ACS, CDC project targets surgical-site infections

April 16, 2012 Modern Physician

By Maureen McKinney

The American College of Surgeons and the Centers for Disease Control and Prevention have teamed up on a three-year project that will use health information technology, standardized quality measures and other tools to more effectively target surgical-site infections and related complications.

According to a news release, the American College of Surgeons’ National Surgical Quality Improvement Program, known as ACS NSQIP, and the CDC’s Division of Healthcare Quality Promotion will form a joint working group tasked with developing new measures “of SSIs and infectious and non-infectious complications that affect surgical patients.”

One of the primary goals of the project will be to harmonize the measures currently in use by ACS NSQIP with those used by the National Healthcare Safety Network, the CDC’s online infection-surveillance system.

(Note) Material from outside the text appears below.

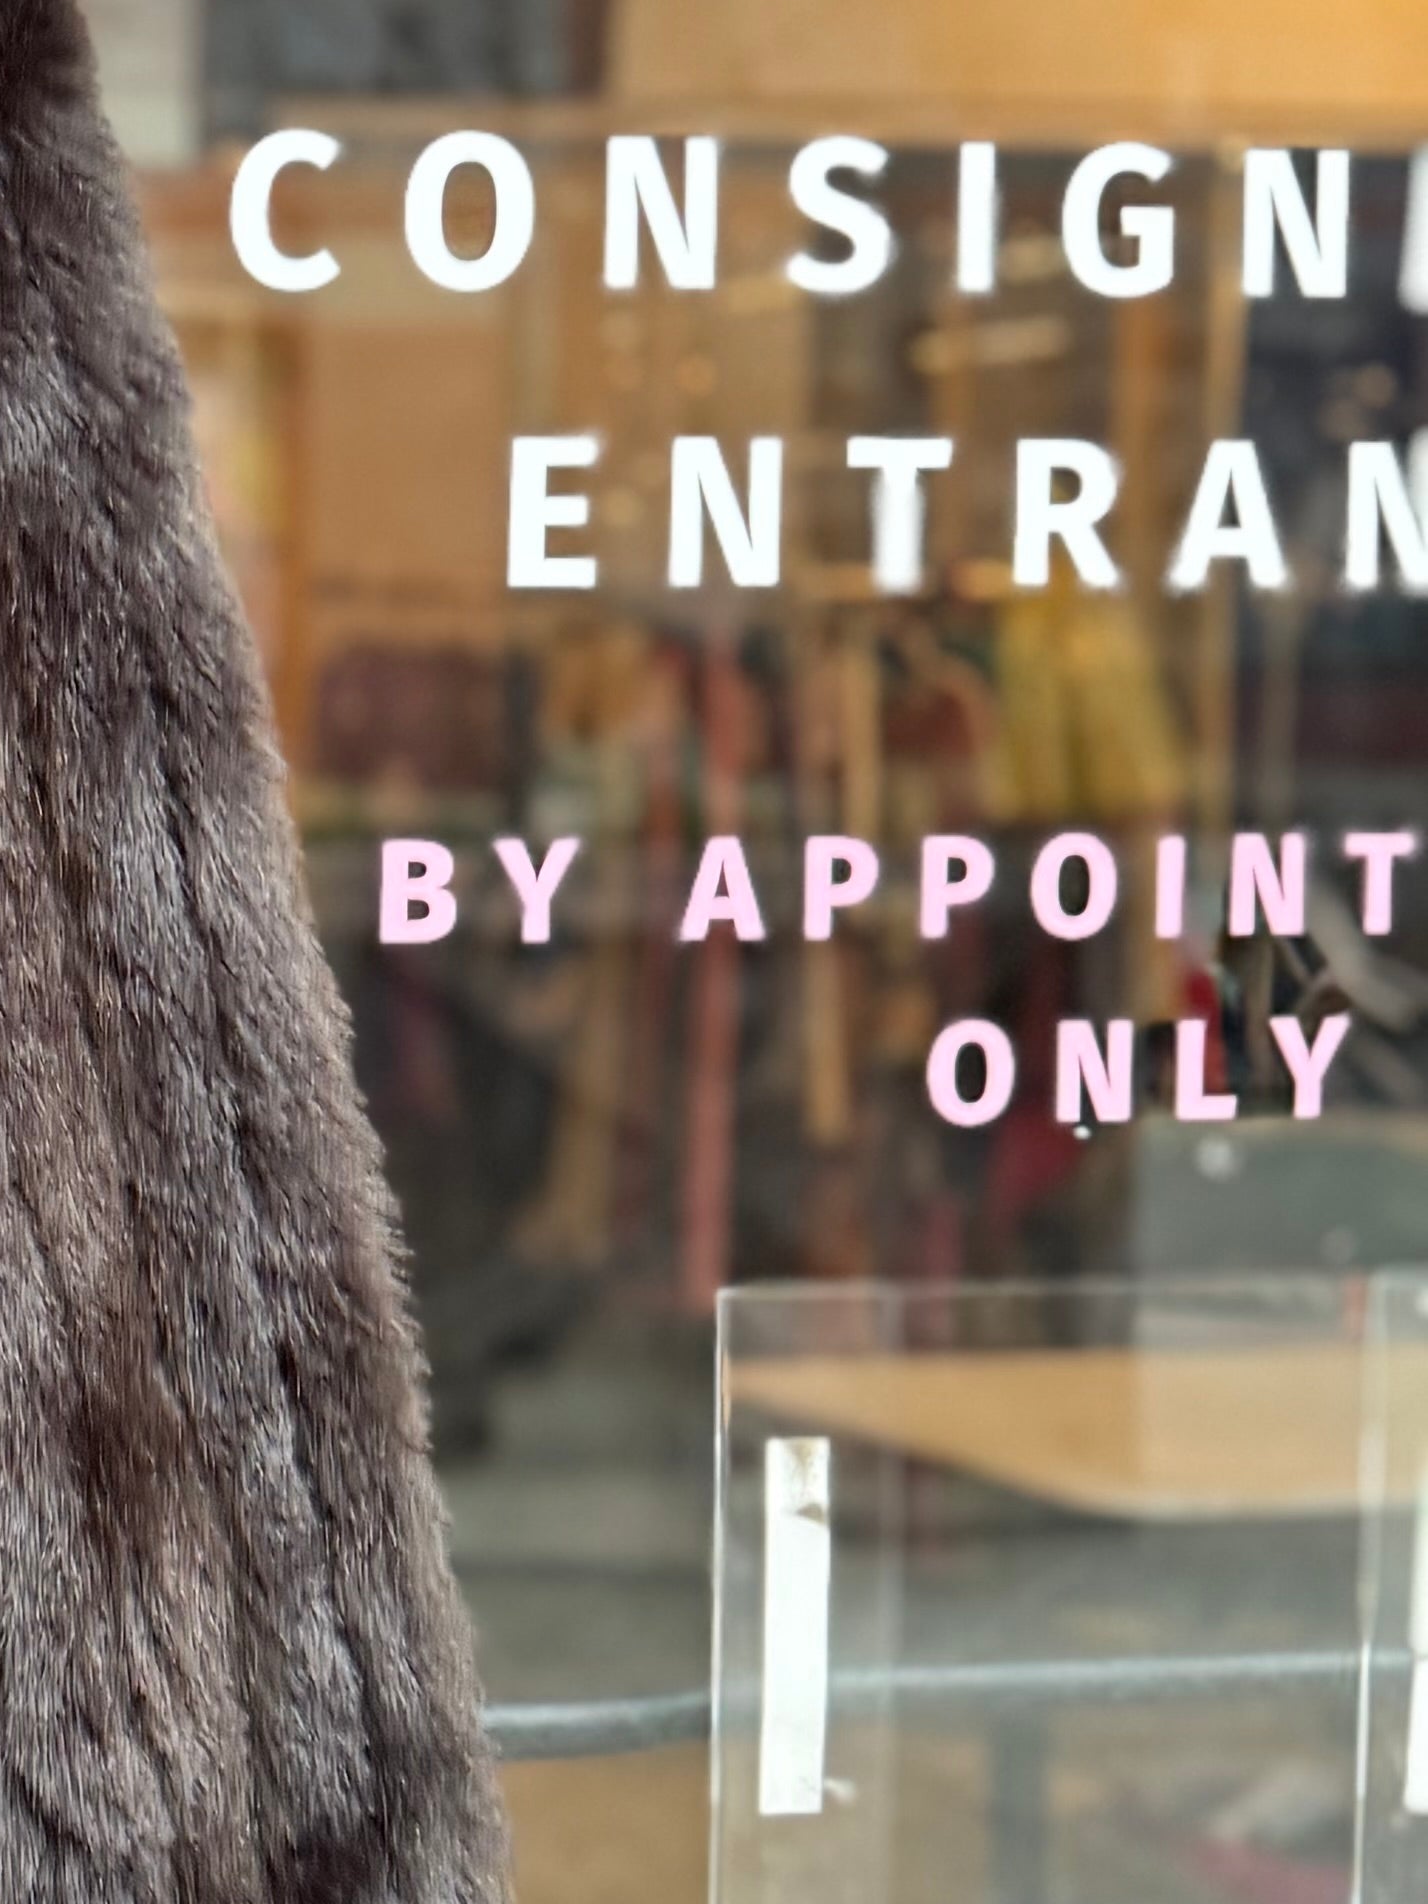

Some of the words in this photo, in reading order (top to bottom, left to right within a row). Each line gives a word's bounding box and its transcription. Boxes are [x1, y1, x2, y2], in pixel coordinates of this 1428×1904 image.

Hospitals are required by the CMS to use the NHSN to report certain types of infections, including SSIs, in order to receive their full payment update.

The two groups will also focus on ways to leverage electronic health records for infection prevention, ACS said.

“The CDC has tremendous experience with their quality programs, and through ACS, hospitals participating in ACS NSQIP have already shown significant improvement in patient mortality and are preventing 250 complications per hospital, per year,” said Dr. Clifford Ko, director of the ACS Division of Research and Optimal Care, in the release.